Oddly, bizarrely, only Tesla really seems to understand and competes with great success. In the meantime BMW, Daimler, VAG, GM and others cede much fo their product development to their Chinese partners but do not manage to import the ethos that makes all this happen.

There si reason to be critical of traditional OEM's. Still a handful really do understand, one fo whom is Carlos Tavares. Unlike VAG's Diess, Tavares actually has the power to make major changes.

Sorry for the rant. I only want to make certain that we understand some people are learning from Tesla.
 
It's very obvious to me that there's just a ton of money sitting on the sidelines that is unwilling to jump in until they feel they've "gotten in after the correction". Sucks that it has to be this way, but it will remove a artificial ceiling for stocks and especially TSLA. Until the full correction happens, it's gonna constantly be this overhanging fear of a macro selloff, no matter how stupid it is.

The other way this kind of situation can resolve is for the market to to start rising from lack of selling volume causing the pressure to become unbearable for those sitting on the sidelines.
 
When you buy a stock and it goes down, it's not your fault - the hedgies, the market makers, and the pump & dumpers scammed you.
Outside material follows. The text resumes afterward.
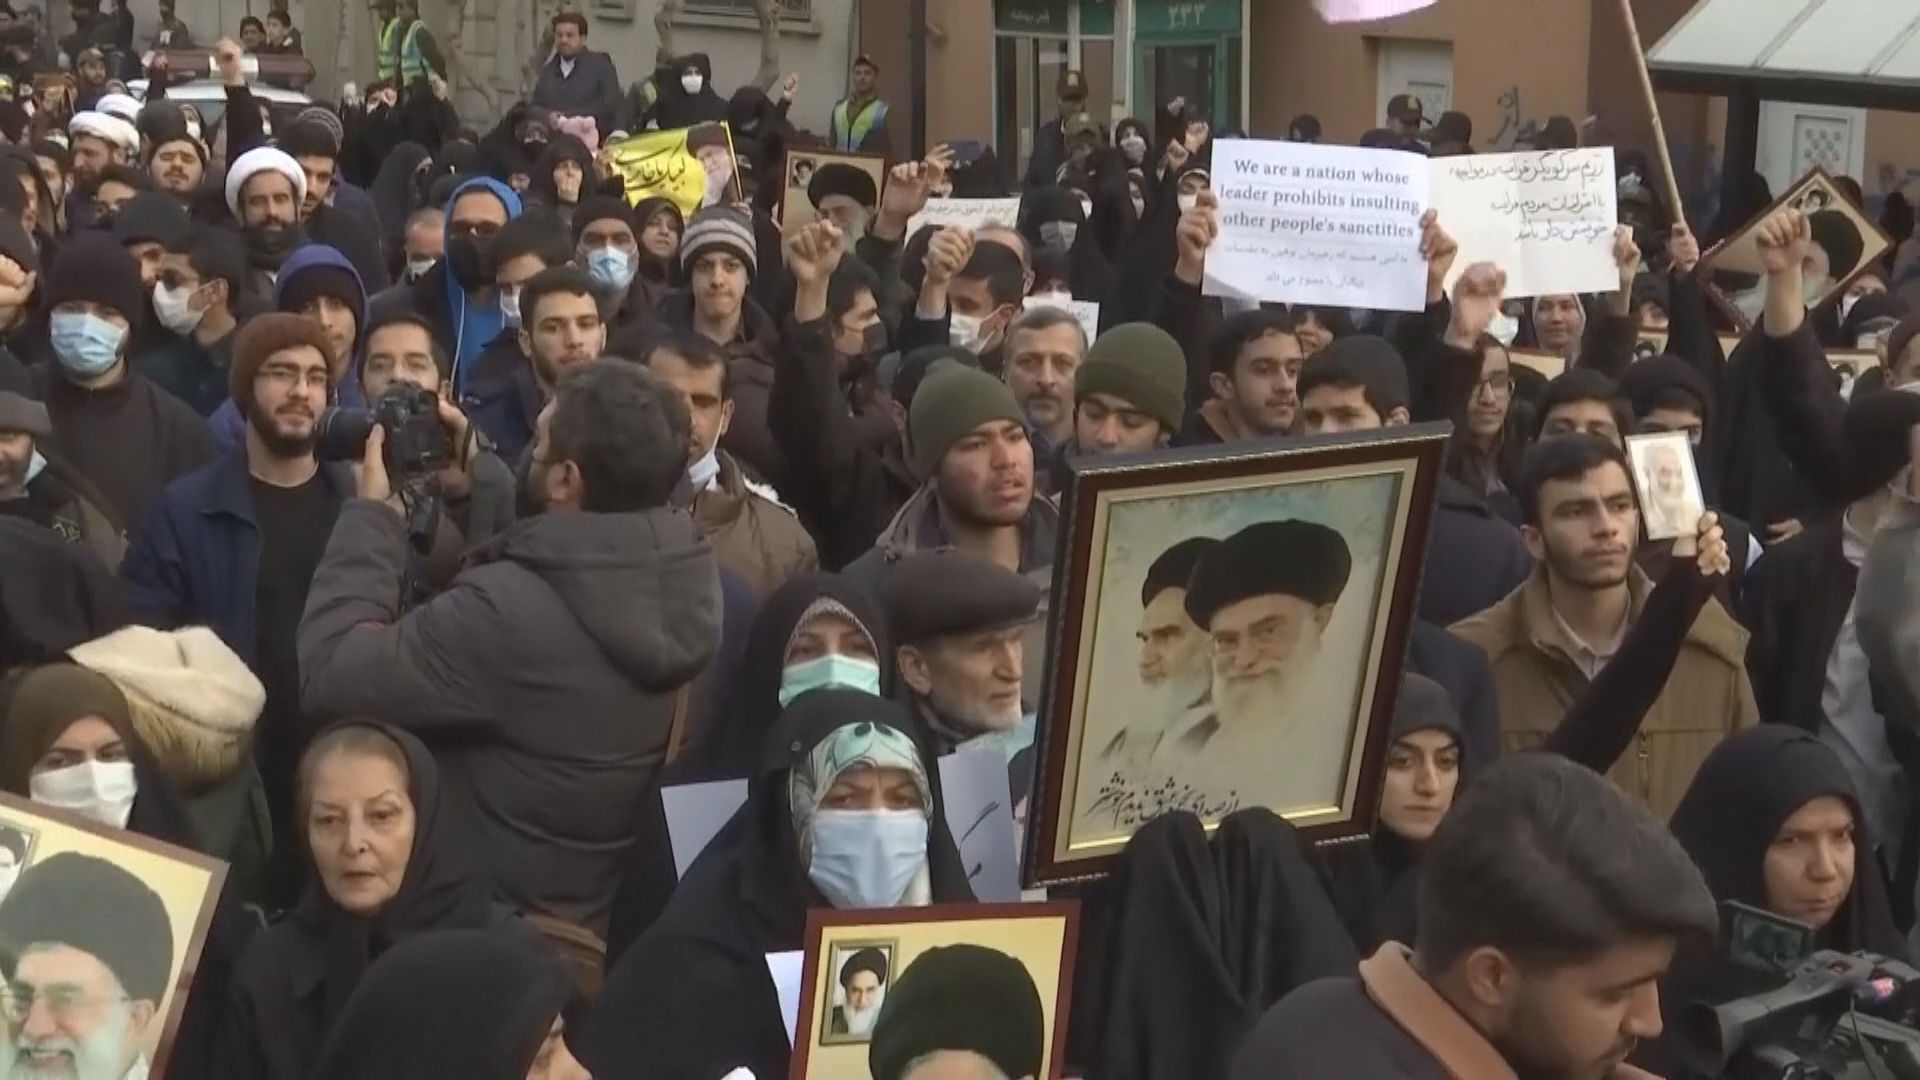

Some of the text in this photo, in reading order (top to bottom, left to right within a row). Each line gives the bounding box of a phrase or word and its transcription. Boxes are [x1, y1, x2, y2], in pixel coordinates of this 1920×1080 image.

[1234, 159, 1410, 185] We are a nation whose
[1220, 184, 1420, 216] leader prohibits insulting
[1223, 213, 1414, 238] other people's sanctities
When you sell a stock at a loss, it's your fault, because you push the button.

That's just how most people think.

You forgot the other half of the thought process:

When you buy a stock that goes up, it's because you are a brilliant investor!
 
"Call walls" at 800 and again at 820. No particularly large "Put walls" to provide support up at these levels. Volume will need to be very strong to prevent MMs from manipulating the SP. And it's a long way to the river... (the Friday Close):

View attachment 717679

Yup, this day panned out as advertised: MMs manipulation. SP closed near the "C-P Brkpt".

Options.Chart.2021-10-04-16.00.png


Looking at Options Volume for the day, a "Put Wall" may be forming at the 790 Strike price, and without a lot of open Calls beneath them to tempt MMs (but we won't know today's final Open Interest until the update tomorrow at 7 a.m.)

Options.Vol.2021-10-04 16.00 PM.png


GLTA.

Cheers!
 
Sure, let's compare similar population sizes: Austin (pop 951k) with San Jose (pop 1.03M). They have near identical political heterogeneity (and leanings).
This rather proves my point. Those pages show the political leanings of Travis County (1.27 million pop) and Santa Clara County (1.93 million pop), not the cities of Austin and San Jose. By your reasoning, Santa Clara County as the bigger jurisdiction should be more diverse politically. But it's not.

I don't want to belabor the point. I don't believe there is any real controversy here. Texas is only leaning red, but the perception among some prospective Tesla employees in Silicon Valley is otherwise.